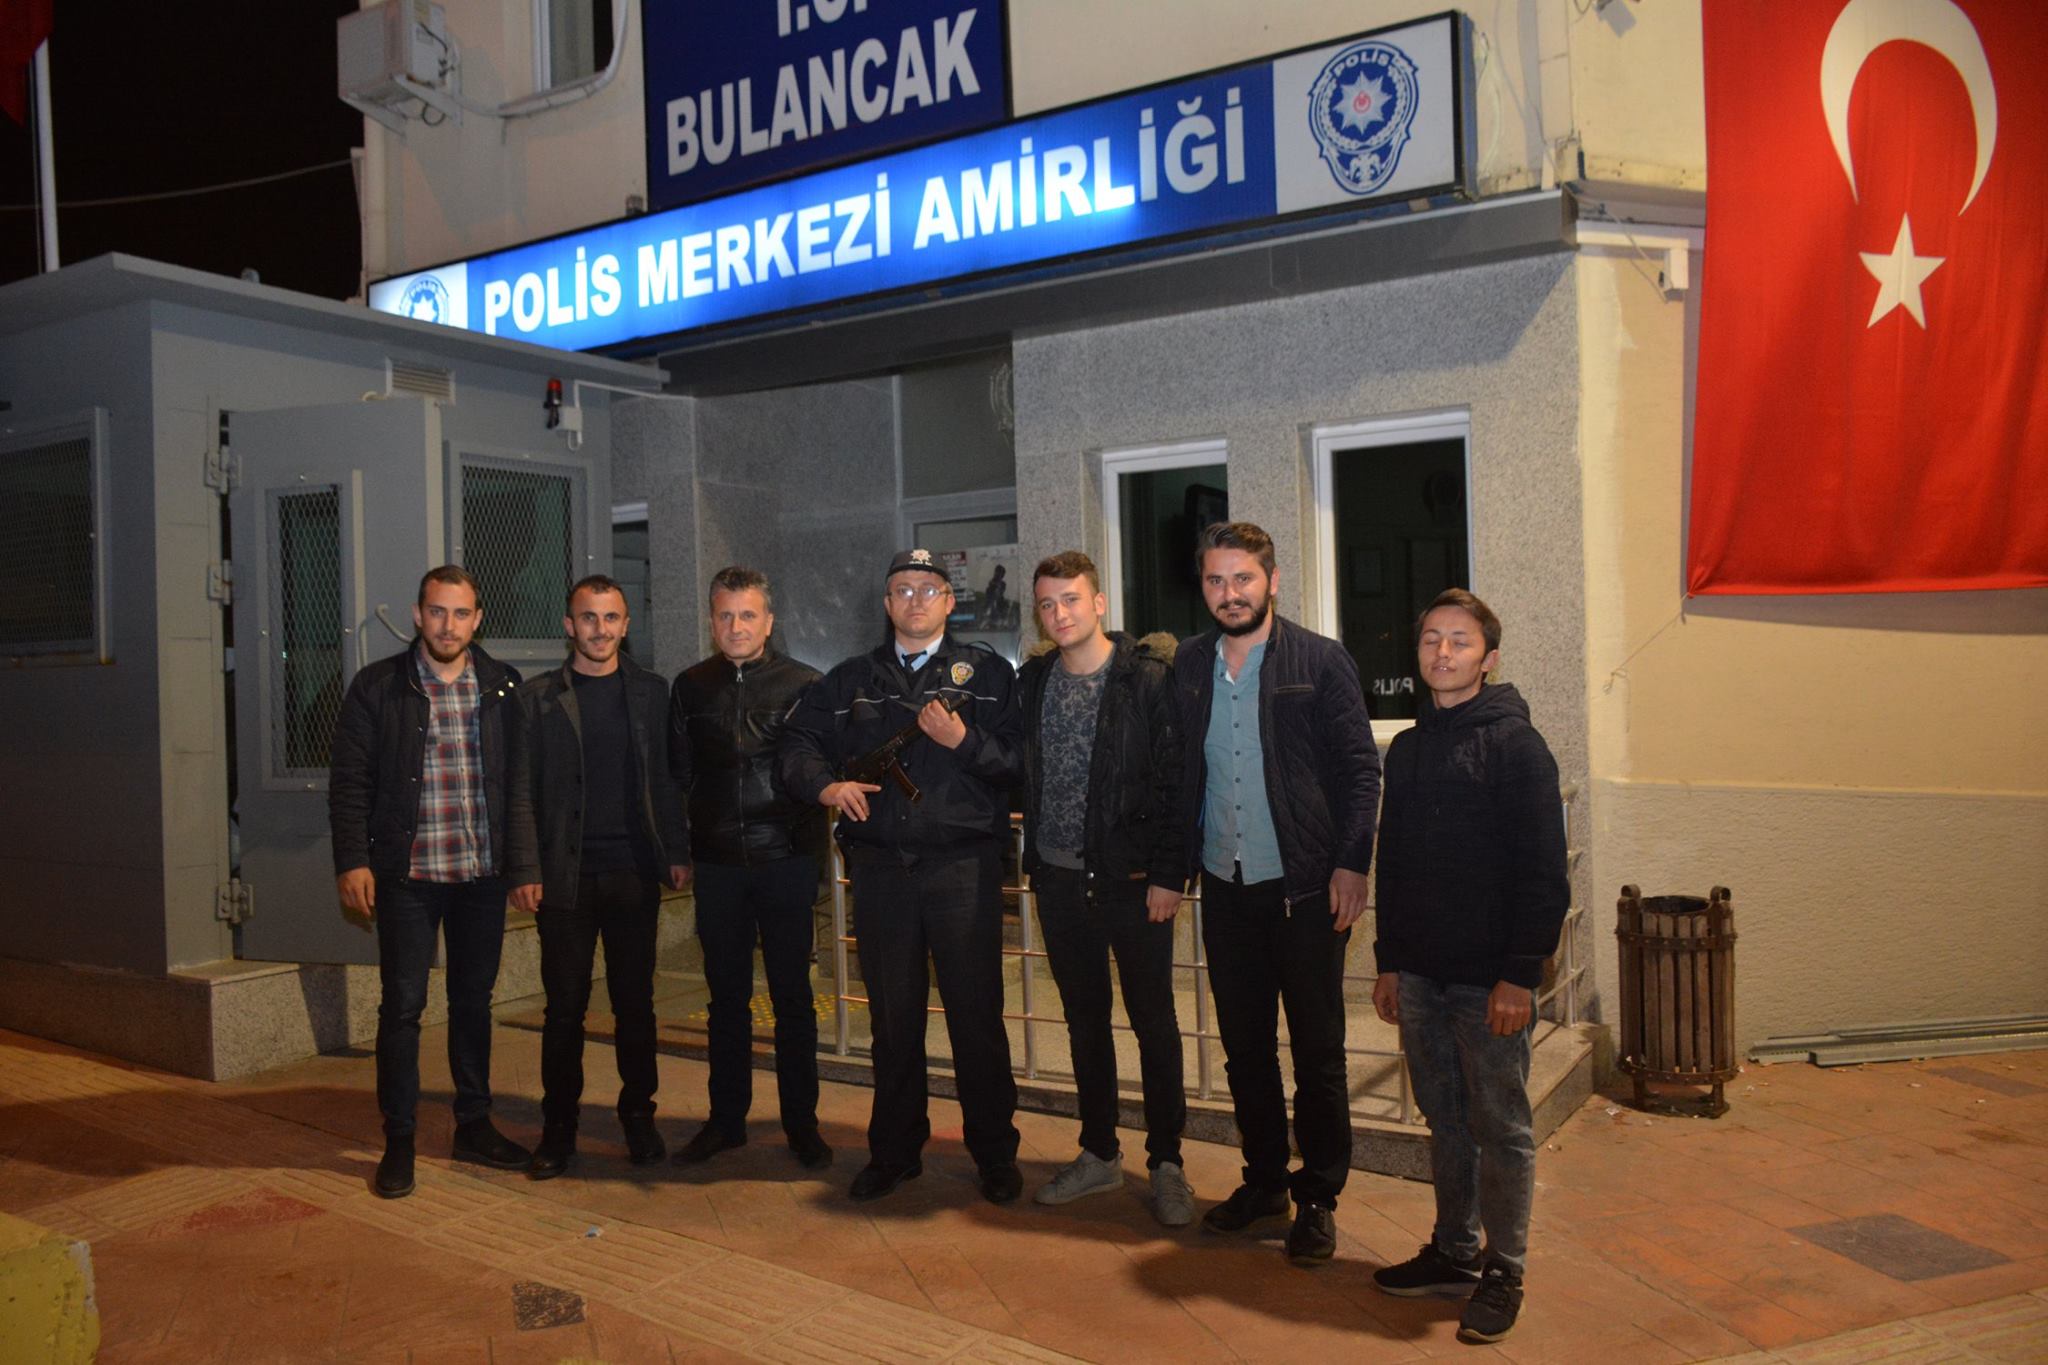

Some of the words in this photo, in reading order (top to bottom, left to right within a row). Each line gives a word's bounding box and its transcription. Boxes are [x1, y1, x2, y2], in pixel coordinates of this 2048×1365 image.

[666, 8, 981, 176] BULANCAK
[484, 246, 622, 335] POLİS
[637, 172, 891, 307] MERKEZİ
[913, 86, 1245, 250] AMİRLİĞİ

◆ ◆ ◆ ◆ ◆

Task details ->
An exact copy of every entry above is required, without the pictures.

Problem solution ->
Some of the words in this photo, in reading order (top to bottom, left to right within a row). Each line gives a word's bounding box and its transcription. Boxes are [x1, y1, x2, y2], in pixel coordinates of this 2048×1365 image.

[666, 8, 981, 176] BULANCAK
[484, 246, 622, 335] POLİS
[637, 172, 891, 307] MERKEZİ
[913, 86, 1245, 250] AMİRLİĞİ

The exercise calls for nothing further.